EXERCISE BRIEF:
This exercise calls for every record to be returned exactly, with pictures removed.

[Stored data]

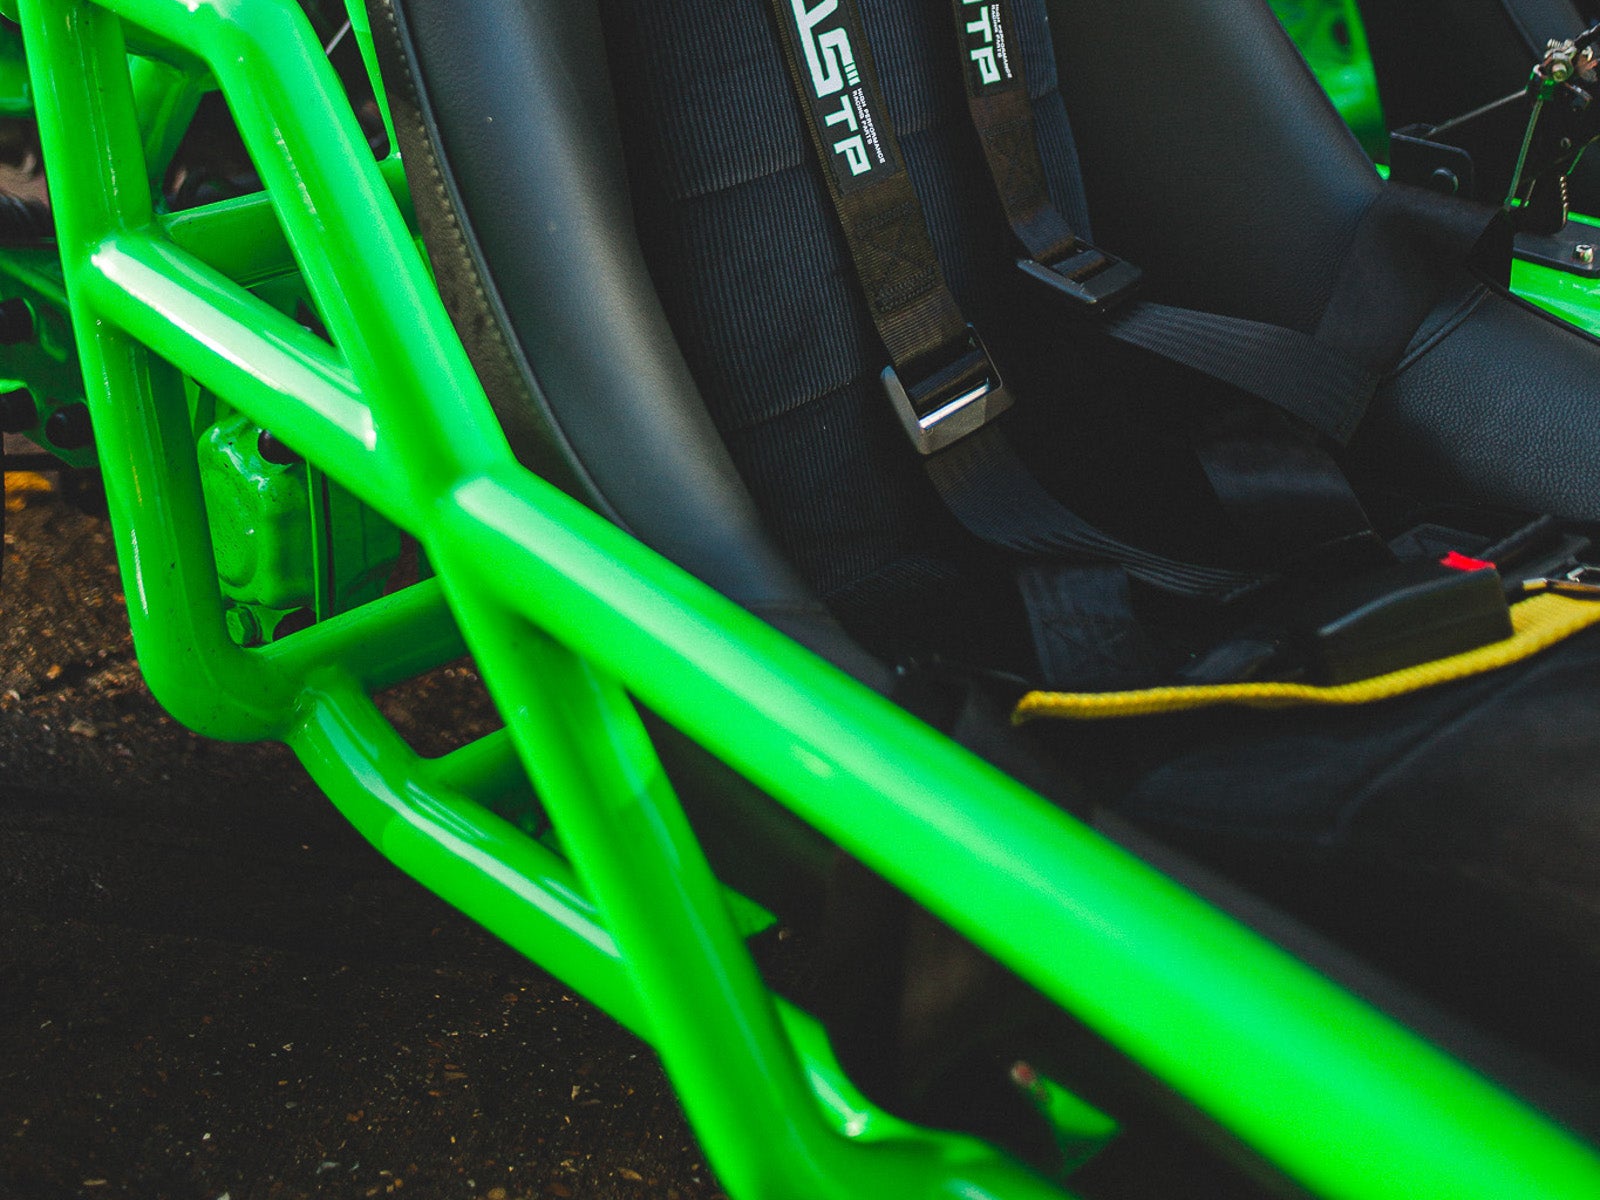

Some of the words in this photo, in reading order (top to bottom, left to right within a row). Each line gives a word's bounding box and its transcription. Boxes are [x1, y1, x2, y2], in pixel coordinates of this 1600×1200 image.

[852, 89, 865, 120] RACING
[861, 120, 872, 145] PARTS
[857, 87, 867, 107] HIGH
[864, 108, 886, 164] PERFORMANCE
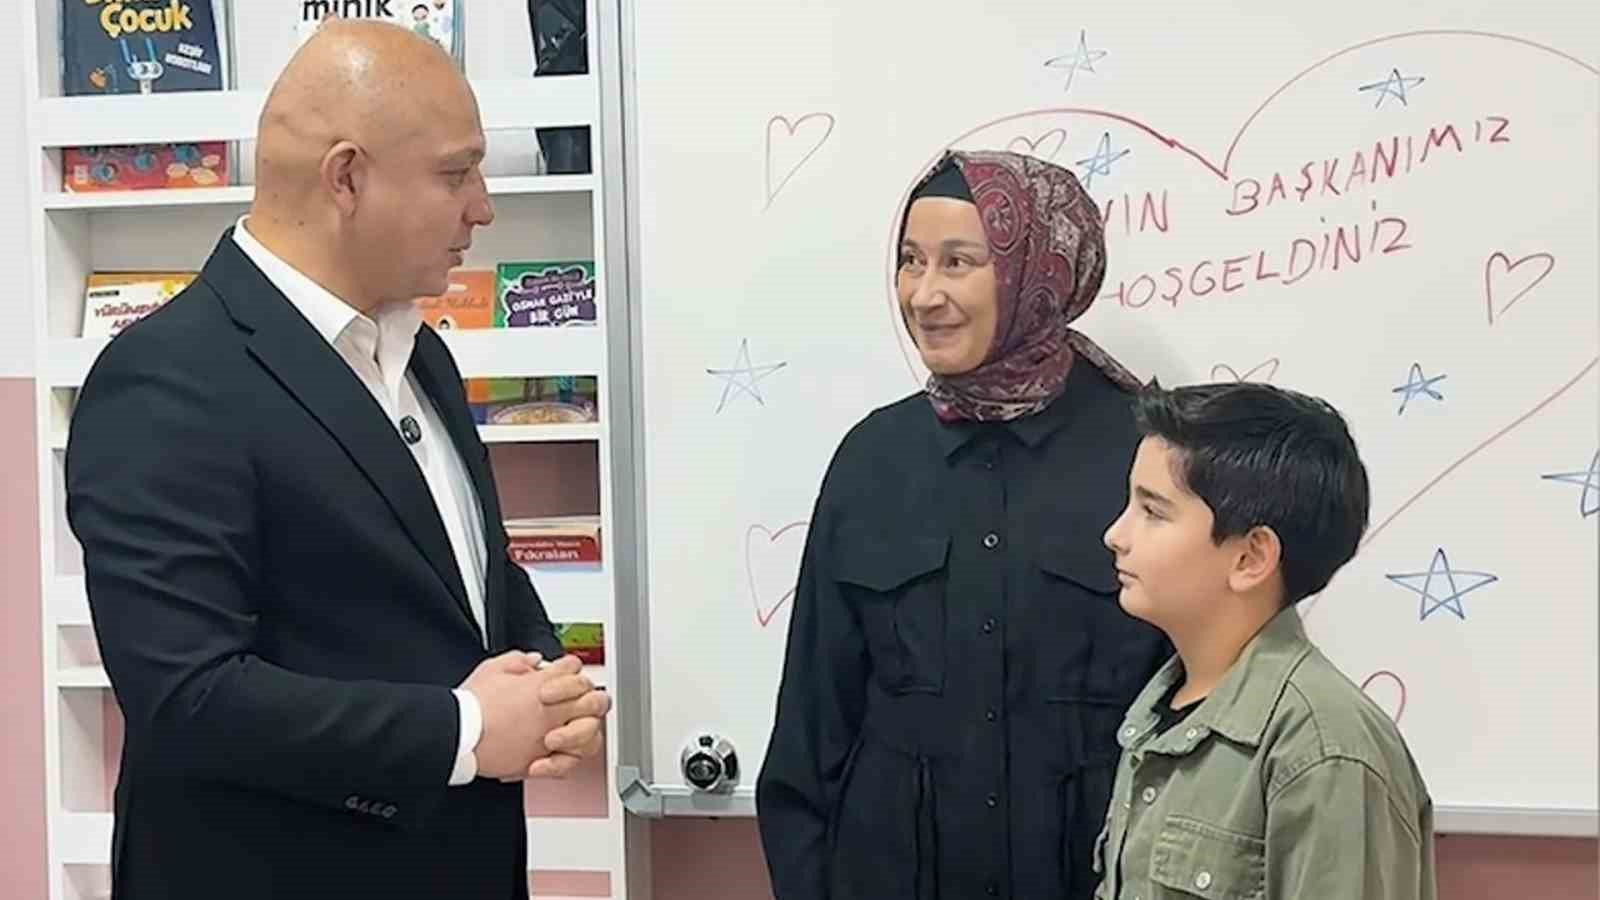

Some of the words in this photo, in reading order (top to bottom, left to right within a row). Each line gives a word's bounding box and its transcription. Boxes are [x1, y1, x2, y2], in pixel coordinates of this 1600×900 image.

TASK ANSWER:
Some of the words in this photo, in reading order (top to bottom, left to right within a row). Each line gives a word's bounding box and its transcription. Boxes are [x1, y1, x2, y2], in pixel coordinates of this 1600×1200 image.

[852, 89, 865, 120] RACING
[861, 120, 872, 145] PARTS
[857, 87, 867, 107] HIGH
[864, 108, 886, 164] PERFORMANCE

Some of the words in this photo, in reading order (top to bottom, left to right within a row). Each line gives a word's bounding box and its transcription. Boxes are [x1, y1, x2, y2], in pixel coordinates of this 1600×900 image.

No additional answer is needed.